*** Opening of Records provided ***

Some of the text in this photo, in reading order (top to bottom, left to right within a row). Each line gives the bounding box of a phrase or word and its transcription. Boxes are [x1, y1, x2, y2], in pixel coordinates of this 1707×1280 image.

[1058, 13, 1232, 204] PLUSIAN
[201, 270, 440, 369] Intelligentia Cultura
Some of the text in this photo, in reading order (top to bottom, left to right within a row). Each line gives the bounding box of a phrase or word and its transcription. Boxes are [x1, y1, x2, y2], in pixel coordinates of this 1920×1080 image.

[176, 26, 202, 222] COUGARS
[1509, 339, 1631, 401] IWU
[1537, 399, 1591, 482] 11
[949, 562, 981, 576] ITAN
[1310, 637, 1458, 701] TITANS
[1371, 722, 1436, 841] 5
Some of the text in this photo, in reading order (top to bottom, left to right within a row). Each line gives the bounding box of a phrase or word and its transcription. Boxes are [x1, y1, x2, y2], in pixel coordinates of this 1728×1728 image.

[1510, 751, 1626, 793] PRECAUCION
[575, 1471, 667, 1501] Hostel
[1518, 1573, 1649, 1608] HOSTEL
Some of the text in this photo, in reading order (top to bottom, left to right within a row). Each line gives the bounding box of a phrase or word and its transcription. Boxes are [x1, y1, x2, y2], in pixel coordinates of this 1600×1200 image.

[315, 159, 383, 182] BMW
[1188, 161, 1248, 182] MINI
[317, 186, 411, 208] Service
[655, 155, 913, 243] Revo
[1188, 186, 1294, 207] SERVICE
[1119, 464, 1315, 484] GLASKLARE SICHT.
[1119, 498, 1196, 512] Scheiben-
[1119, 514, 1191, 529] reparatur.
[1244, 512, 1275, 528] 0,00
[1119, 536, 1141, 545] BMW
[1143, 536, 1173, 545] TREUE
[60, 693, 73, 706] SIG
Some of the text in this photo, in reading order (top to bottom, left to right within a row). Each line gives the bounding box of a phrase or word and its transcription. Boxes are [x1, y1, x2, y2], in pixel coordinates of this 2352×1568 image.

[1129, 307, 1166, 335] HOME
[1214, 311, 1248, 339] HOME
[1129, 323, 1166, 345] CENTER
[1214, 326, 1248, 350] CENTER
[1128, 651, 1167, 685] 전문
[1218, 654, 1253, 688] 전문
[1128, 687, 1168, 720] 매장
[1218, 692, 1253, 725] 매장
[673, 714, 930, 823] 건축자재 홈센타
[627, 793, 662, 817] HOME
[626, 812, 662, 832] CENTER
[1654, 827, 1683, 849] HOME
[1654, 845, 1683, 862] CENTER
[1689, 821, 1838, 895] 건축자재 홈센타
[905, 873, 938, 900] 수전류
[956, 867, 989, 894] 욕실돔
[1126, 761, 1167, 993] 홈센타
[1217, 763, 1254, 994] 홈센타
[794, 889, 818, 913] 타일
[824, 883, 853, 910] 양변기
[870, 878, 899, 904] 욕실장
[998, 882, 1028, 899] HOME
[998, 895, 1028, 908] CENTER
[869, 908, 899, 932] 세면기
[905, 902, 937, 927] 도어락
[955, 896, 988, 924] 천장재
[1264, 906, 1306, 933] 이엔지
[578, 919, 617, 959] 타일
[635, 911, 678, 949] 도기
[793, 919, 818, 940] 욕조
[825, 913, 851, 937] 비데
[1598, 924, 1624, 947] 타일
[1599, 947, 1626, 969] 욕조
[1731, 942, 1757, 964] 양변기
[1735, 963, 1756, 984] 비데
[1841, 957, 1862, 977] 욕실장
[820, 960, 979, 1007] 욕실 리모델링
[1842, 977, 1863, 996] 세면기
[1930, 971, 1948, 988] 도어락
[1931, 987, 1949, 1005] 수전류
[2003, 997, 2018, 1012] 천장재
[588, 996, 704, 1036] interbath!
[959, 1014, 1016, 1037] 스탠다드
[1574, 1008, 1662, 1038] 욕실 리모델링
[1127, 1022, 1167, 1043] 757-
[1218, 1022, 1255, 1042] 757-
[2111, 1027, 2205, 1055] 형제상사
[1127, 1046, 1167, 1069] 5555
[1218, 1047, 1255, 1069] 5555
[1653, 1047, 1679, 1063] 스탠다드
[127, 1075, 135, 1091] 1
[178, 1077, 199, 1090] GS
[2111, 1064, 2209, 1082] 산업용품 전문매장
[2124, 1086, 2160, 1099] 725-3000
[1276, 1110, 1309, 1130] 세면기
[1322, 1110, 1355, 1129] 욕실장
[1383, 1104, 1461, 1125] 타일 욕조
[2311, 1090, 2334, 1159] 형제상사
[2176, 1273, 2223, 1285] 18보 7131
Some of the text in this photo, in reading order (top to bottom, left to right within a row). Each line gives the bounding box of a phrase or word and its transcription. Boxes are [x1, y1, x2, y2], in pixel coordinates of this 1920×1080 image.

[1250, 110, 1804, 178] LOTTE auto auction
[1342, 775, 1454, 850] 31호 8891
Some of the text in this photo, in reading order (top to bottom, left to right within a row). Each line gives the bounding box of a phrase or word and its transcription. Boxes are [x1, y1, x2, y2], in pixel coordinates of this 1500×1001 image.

*** Close of Records provided ***

**Exercise aim**
Repeat the whole listing exactly, with no omissions.

**Problem solution**
Some of the text in this photo, in reading order (top to bottom, left to right within a row). Each line gives the bounding box of a phrase or word and its transcription. Boxes are [x1, y1, x2, y2], in pixel coordinates of this 1707×1280 image.

[1058, 13, 1232, 204] PLUSIAN
[201, 270, 440, 369] Intelligentia Cultura
Some of the text in this photo, in reading order (top to bottom, left to right within a row). Each line gives the bounding box of a phrase or word and its transcription. Boxes are [x1, y1, x2, y2], in pixel coordinates of this 1920×1080 image.

[176, 26, 202, 222] COUGARS
[1509, 339, 1631, 401] IWU
[1537, 399, 1591, 482] 11
[949, 562, 981, 576] ITAN
[1310, 637, 1458, 701] TITANS
[1371, 722, 1436, 841] 5
Some of the text in this photo, in reading order (top to bottom, left to right within a row). Each line gives the bounding box of a phrase or word and its transcription. Boxes are [x1, y1, x2, y2], in pixel coordinates of this 1728×1728 image.

[1510, 751, 1626, 793] PRECAUCION
[575, 1471, 667, 1501] Hostel
[1518, 1573, 1649, 1608] HOSTEL
Some of the text in this photo, in reading order (top to bottom, left to right within a row). Each line gives the bounding box of a phrase or word and its transcription. Boxes are [x1, y1, x2, y2], in pixel coordinates of this 1600×1200 image.

[315, 159, 383, 182] BMW
[1188, 161, 1248, 182] MINI
[317, 186, 411, 208] Service
[655, 155, 913, 243] Revo
[1188, 186, 1294, 207] SERVICE
[1119, 464, 1315, 484] GLASKLARE SICHT.
[1119, 498, 1196, 512] Scheiben-
[1119, 514, 1191, 529] reparatur.
[1244, 512, 1275, 528] 0,00
[1119, 536, 1141, 545] BMW
[1143, 536, 1173, 545] TREUE
[60, 693, 73, 706] SIG
Some of the text in this photo, in reading order (top to bottom, left to right within a row). Each line gives the bounding box of a phrase or word and its transcription. Boxes are [x1, y1, x2, y2], in pixel coordinates of this 2352×1568 image.

[1129, 307, 1166, 335] HOME
[1214, 311, 1248, 339] HOME
[1129, 323, 1166, 345] CENTER
[1214, 326, 1248, 350] CENTER
[1128, 651, 1167, 685] 전문
[1218, 654, 1253, 688] 전문
[1128, 687, 1168, 720] 매장
[1218, 692, 1253, 725] 매장
[673, 714, 930, 823] 건축자재 홈센타
[627, 793, 662, 817] HOME
[626, 812, 662, 832] CENTER
[1654, 827, 1683, 849] HOME
[1654, 845, 1683, 862] CENTER
[1689, 821, 1838, 895] 건축자재 홈센타
[905, 873, 938, 900] 수전류
[956, 867, 989, 894] 욕실돔
[1126, 761, 1167, 993] 홈센타
[1217, 763, 1254, 994] 홈센타
[794, 889, 818, 913] 타일
[824, 883, 853, 910] 양변기
[870, 878, 899, 904] 욕실장
[998, 882, 1028, 899] HOME
[998, 895, 1028, 908] CENTER
[869, 908, 899, 932] 세면기
[905, 902, 937, 927] 도어락
[955, 896, 988, 924] 천장재
[1264, 906, 1306, 933] 이엔지
[578, 919, 617, 959] 타일
[635, 911, 678, 949] 도기
[793, 919, 818, 940] 욕조
[825, 913, 851, 937] 비데
[1598, 924, 1624, 947] 타일
[1599, 947, 1626, 969] 욕조
[1731, 942, 1757, 964] 양변기
[1735, 963, 1756, 984] 비데
[1841, 957, 1862, 977] 욕실장
[820, 960, 979, 1007] 욕실 리모델링
[1842, 977, 1863, 996] 세면기
[1930, 971, 1948, 988] 도어락
[1931, 987, 1949, 1005] 수전류
[2003, 997, 2018, 1012] 천장재
[588, 996, 704, 1036] interbath!
[959, 1014, 1016, 1037] 스탠다드
[1574, 1008, 1662, 1038] 욕실 리모델링
[1127, 1022, 1167, 1043] 757-
[1218, 1022, 1255, 1042] 757-
[2111, 1027, 2205, 1055] 형제상사
[1127, 1046, 1167, 1069] 5555
[1218, 1047, 1255, 1069] 5555
[1653, 1047, 1679, 1063] 스탠다드
[127, 1075, 135, 1091] 1
[178, 1077, 199, 1090] GS
[2111, 1064, 2209, 1082] 산업용품 전문매장
[2124, 1086, 2160, 1099] 725-3000
[1276, 1110, 1309, 1130] 세면기
[1322, 1110, 1355, 1129] 욕실장
[1383, 1104, 1461, 1125] 타일 욕조
[2311, 1090, 2334, 1159] 형제상사
[2176, 1273, 2223, 1285] 18보 7131
Some of the text in this photo, in reading order (top to bottom, left to right within a row). Each line gives the bounding box of a phrase or word and its transcription. Boxes are [x1, y1, x2, y2], in pixel coordinates of this 1920×1080 image.

[1250, 110, 1804, 178] LOTTE auto auction
[1342, 775, 1454, 850] 31호 8891
Some of the text in this photo, in reading order (top to bottom, left to right within a row). Each line gives the bounding box of a phrase or word and its transcription. Boxes are [x1, y1, x2, y2], in pixel coordinates of this 1500×1001 image.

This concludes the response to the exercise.